WORK INSTRUCTIONS ▸
Every record gets copied exactly, and no picture goes with it.

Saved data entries
- Opening Delimiter -
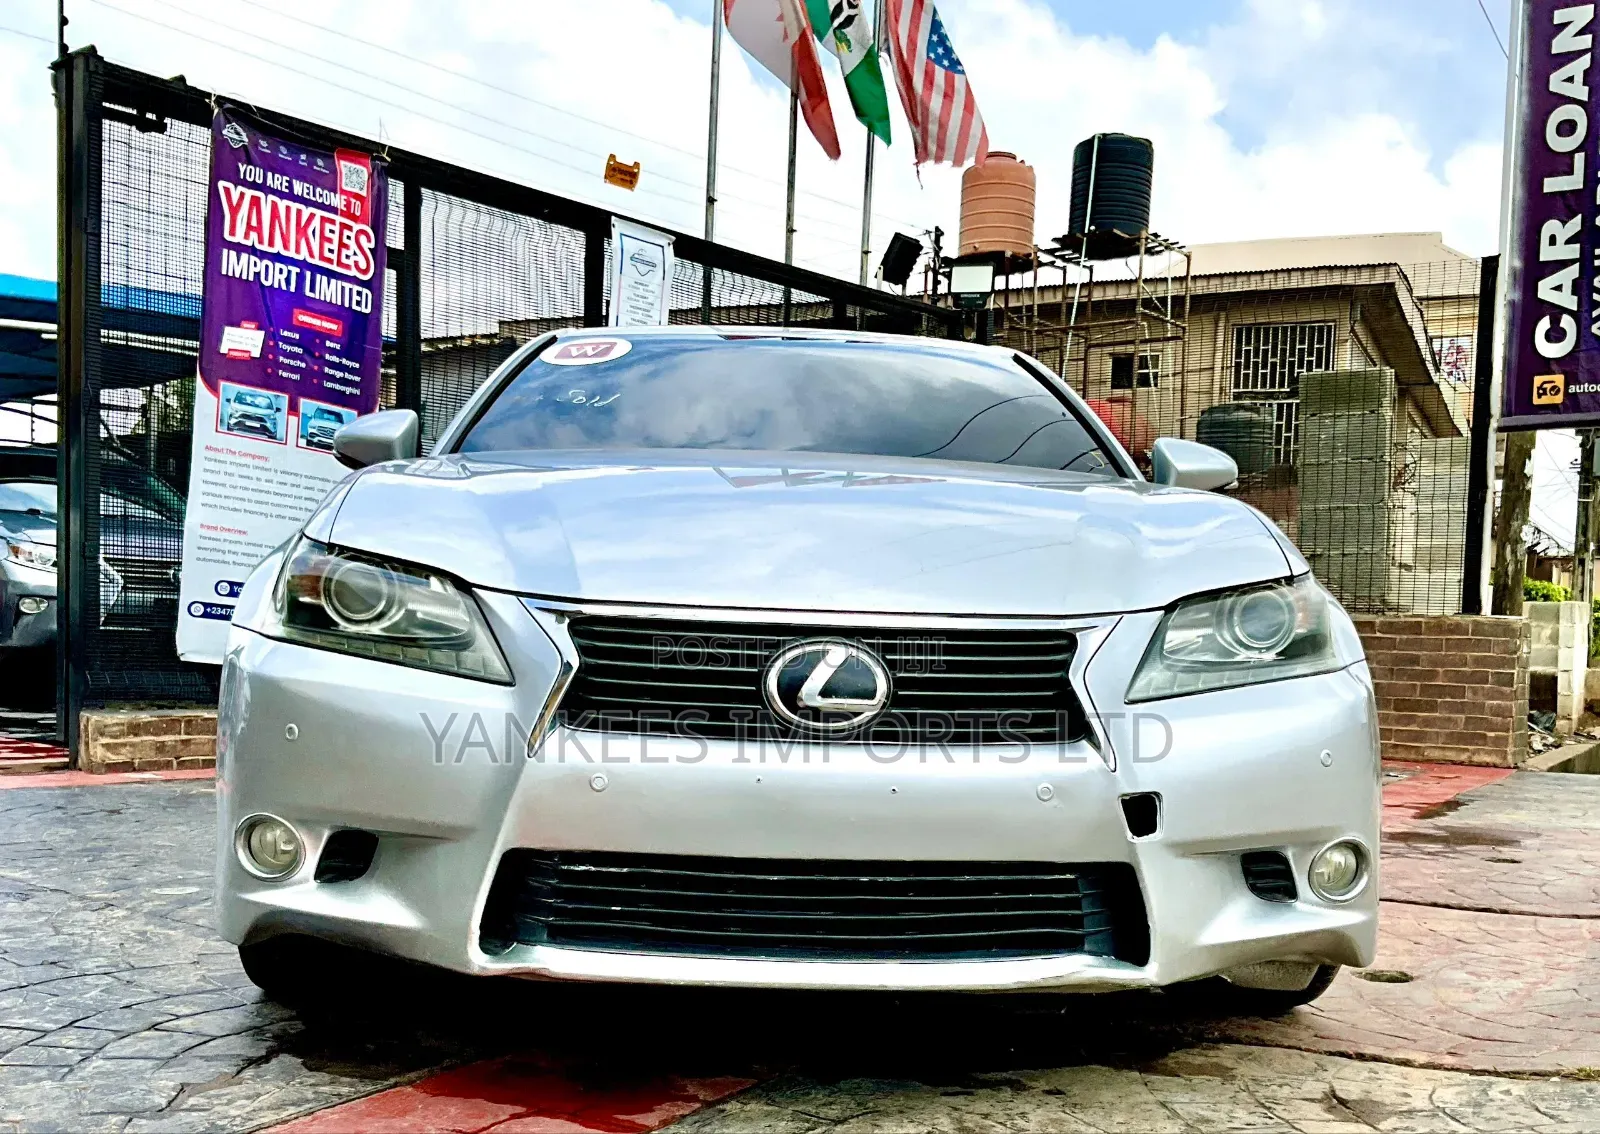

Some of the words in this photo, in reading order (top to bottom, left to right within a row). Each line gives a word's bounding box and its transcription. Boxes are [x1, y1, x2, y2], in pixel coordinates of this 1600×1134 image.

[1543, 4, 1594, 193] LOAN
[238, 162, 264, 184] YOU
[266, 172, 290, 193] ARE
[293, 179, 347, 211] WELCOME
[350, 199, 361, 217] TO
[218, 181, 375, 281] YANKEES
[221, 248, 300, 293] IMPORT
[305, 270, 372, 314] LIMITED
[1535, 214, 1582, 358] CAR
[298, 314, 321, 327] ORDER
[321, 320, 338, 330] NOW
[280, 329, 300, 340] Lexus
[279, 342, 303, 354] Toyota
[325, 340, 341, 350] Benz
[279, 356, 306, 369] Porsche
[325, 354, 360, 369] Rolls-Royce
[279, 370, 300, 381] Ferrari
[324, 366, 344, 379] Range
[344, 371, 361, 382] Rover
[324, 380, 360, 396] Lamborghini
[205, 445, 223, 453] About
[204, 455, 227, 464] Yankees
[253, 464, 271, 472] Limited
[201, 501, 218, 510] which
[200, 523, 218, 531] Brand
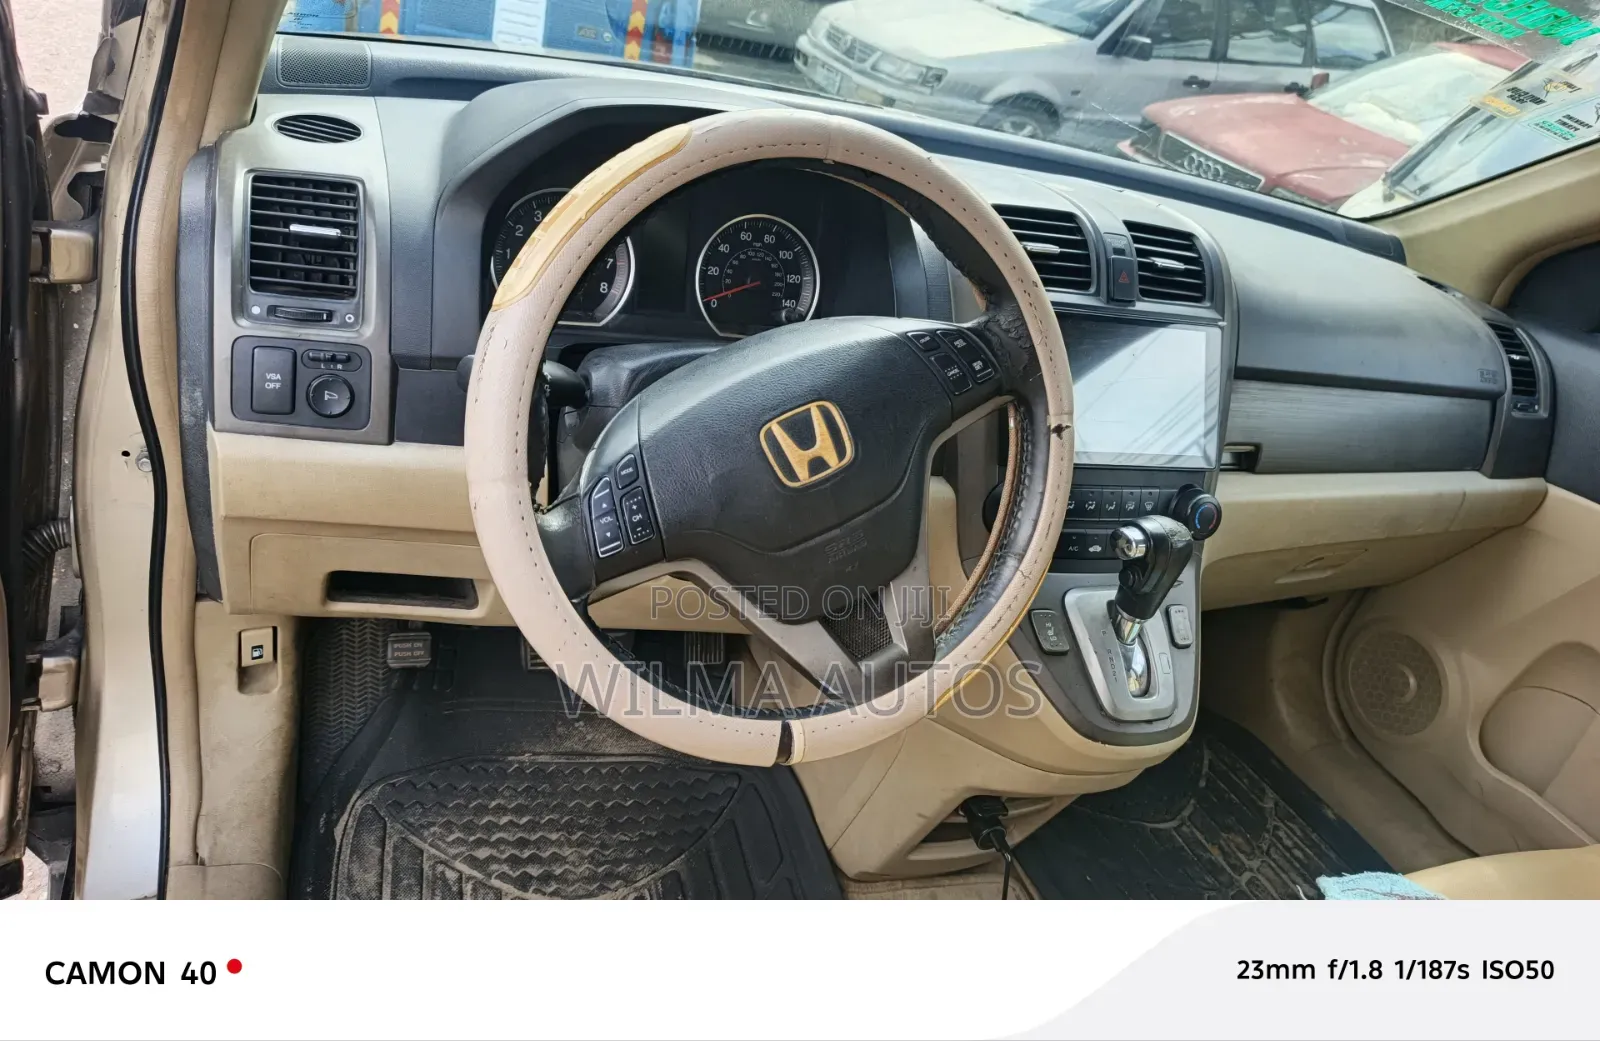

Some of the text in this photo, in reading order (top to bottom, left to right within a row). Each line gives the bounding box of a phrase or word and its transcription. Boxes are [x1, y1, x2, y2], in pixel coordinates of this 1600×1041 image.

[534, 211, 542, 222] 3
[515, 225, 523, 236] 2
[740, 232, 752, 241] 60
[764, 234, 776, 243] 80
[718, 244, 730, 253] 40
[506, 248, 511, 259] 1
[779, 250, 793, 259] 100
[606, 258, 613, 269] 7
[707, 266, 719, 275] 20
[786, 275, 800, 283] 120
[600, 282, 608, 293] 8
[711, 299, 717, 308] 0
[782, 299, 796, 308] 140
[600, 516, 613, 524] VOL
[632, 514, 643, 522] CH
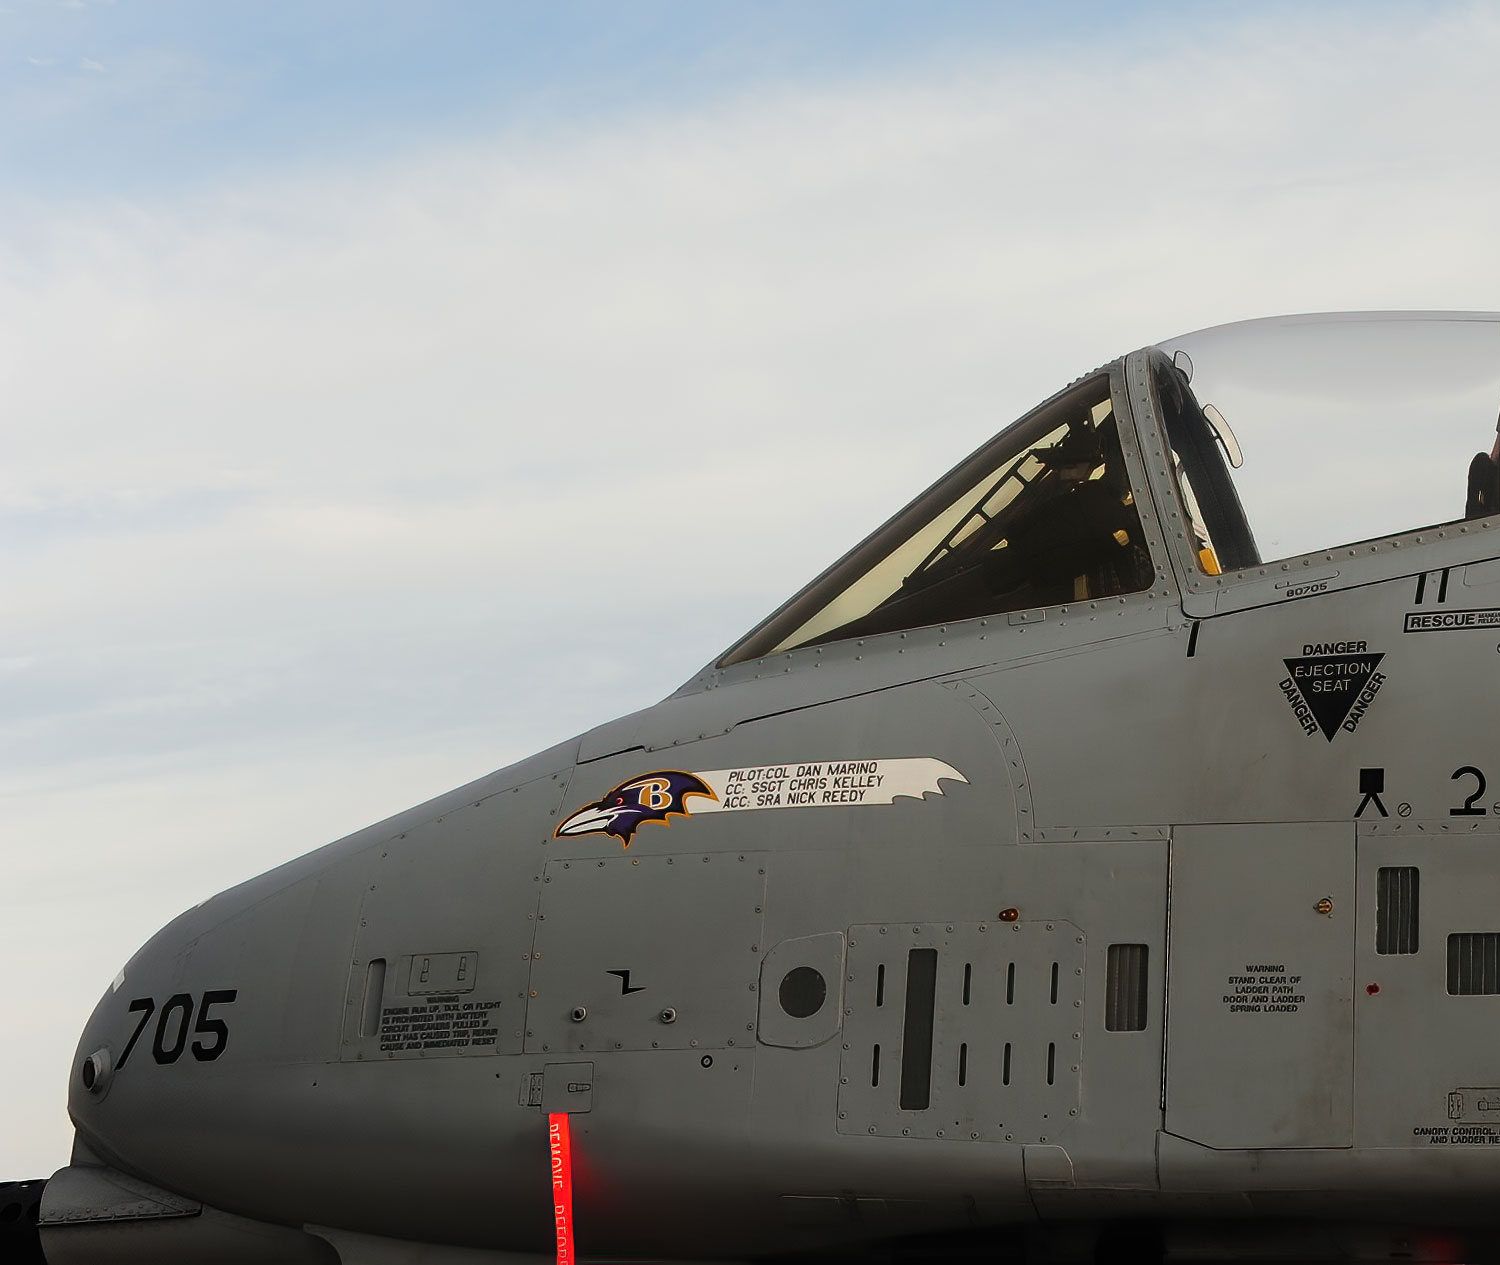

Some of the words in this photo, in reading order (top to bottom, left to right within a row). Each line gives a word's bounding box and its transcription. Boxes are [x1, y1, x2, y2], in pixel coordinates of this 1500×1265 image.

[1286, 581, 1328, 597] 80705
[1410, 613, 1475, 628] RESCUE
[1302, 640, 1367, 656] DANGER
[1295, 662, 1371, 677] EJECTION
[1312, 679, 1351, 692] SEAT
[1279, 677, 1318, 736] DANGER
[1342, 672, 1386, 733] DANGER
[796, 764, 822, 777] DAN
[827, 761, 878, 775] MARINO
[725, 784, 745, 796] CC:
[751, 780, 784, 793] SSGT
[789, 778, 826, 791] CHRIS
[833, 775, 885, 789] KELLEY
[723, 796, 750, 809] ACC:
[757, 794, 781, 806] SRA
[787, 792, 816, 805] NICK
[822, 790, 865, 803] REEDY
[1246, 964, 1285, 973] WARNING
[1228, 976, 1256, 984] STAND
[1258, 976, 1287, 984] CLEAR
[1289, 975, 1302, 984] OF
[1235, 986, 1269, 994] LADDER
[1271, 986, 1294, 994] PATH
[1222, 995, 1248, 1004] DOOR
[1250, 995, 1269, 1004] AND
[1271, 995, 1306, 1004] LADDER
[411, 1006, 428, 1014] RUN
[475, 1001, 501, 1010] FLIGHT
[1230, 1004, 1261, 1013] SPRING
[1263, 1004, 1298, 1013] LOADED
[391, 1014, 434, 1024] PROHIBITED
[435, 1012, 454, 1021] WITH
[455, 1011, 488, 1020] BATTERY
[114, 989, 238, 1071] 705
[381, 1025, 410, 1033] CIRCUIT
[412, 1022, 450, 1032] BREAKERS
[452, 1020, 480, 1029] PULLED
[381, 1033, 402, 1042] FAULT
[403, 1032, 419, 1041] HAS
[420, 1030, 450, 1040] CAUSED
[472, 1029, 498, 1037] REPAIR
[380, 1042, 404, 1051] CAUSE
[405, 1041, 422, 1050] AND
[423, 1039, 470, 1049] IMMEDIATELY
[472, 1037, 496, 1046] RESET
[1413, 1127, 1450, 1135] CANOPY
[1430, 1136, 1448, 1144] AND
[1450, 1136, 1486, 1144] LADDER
- Closing Delimiter -
WRITTEN ANSWER ▸
Some of the words in this photo, in reading order (top to bottom, left to right within a row). Each line gives a word's bounding box and its transcription. Boxes are [x1, y1, x2, y2], in pixel coordinates of this 1600×1134 image.

[1543, 4, 1594, 193] LOAN
[238, 162, 264, 184] YOU
[266, 172, 290, 193] ARE
[293, 179, 347, 211] WELCOME
[350, 199, 361, 217] TO
[218, 181, 375, 281] YANKEES
[221, 248, 300, 293] IMPORT
[305, 270, 372, 314] LIMITED
[1535, 214, 1582, 358] CAR
[298, 314, 321, 327] ORDER
[321, 320, 338, 330] NOW
[280, 329, 300, 340] Lexus
[279, 342, 303, 354] Toyota
[325, 340, 341, 350] Benz
[279, 356, 306, 369] Porsche
[325, 354, 360, 369] Rolls-Royce
[279, 370, 300, 381] Ferrari
[324, 366, 344, 379] Range
[344, 371, 361, 382] Rover
[324, 380, 360, 396] Lamborghini
[205, 445, 223, 453] About
[204, 455, 227, 464] Yankees
[253, 464, 271, 472] Limited
[201, 501, 218, 510] which
[200, 523, 218, 531] Brand

Some of the text in this photo, in reading order (top to bottom, left to right within a row). Each line gives the bounding box of a phrase or word and its transcription. Boxes are [x1, y1, x2, y2], in pixel coordinates of this 1600×1041 image.

[534, 211, 542, 222] 3
[515, 225, 523, 236] 2
[740, 232, 752, 241] 60
[764, 234, 776, 243] 80
[718, 244, 730, 253] 40
[506, 248, 511, 259] 1
[779, 250, 793, 259] 100
[606, 258, 613, 269] 7
[707, 266, 719, 275] 20
[786, 275, 800, 283] 120
[600, 282, 608, 293] 8
[711, 299, 717, 308] 0
[782, 299, 796, 308] 140
[600, 516, 613, 524] VOL
[632, 514, 643, 522] CH

Some of the words in this photo, in reading order (top to bottom, left to right within a row). Each line gives a word's bounding box and its transcription. Boxes are [x1, y1, x2, y2], in pixel coordinates of this 1500×1265 image.

[1286, 581, 1328, 597] 80705
[1410, 613, 1475, 628] RESCUE
[1302, 640, 1367, 656] DANGER
[1295, 662, 1371, 677] EJECTION
[1312, 679, 1351, 692] SEAT
[1279, 677, 1318, 736] DANGER
[1342, 672, 1386, 733] DANGER
[796, 764, 822, 777] DAN
[827, 761, 878, 775] MARINO
[725, 784, 745, 796] CC:
[751, 780, 784, 793] SSGT
[789, 778, 826, 791] CHRIS
[833, 775, 885, 789] KELLEY
[723, 796, 750, 809] ACC:
[757, 794, 781, 806] SRA
[787, 792, 816, 805] NICK
[822, 790, 865, 803] REEDY
[1246, 964, 1285, 973] WARNING
[1228, 976, 1256, 984] STAND
[1258, 976, 1287, 984] CLEAR
[1289, 975, 1302, 984] OF
[1235, 986, 1269, 994] LADDER
[1271, 986, 1294, 994] PATH
[1222, 995, 1248, 1004] DOOR
[1250, 995, 1269, 1004] AND
[1271, 995, 1306, 1004] LADDER
[411, 1006, 428, 1014] RUN
[475, 1001, 501, 1010] FLIGHT
[1230, 1004, 1261, 1013] SPRING
[1263, 1004, 1298, 1013] LOADED
[391, 1014, 434, 1024] PROHIBITED
[435, 1012, 454, 1021] WITH
[455, 1011, 488, 1020] BATTERY
[114, 989, 238, 1071] 705
[381, 1025, 410, 1033] CIRCUIT
[412, 1022, 450, 1032] BREAKERS
[452, 1020, 480, 1029] PULLED
[381, 1033, 402, 1042] FAULT
[403, 1032, 419, 1041] HAS
[420, 1030, 450, 1040] CAUSED
[472, 1029, 498, 1037] REPAIR
[380, 1042, 404, 1051] CAUSE
[405, 1041, 422, 1050] AND
[423, 1039, 470, 1049] IMMEDIATELY
[472, 1037, 496, 1046] RESET
[1413, 1127, 1450, 1135] CANOPY
[1430, 1136, 1448, 1144] AND
[1450, 1136, 1486, 1144] LADDER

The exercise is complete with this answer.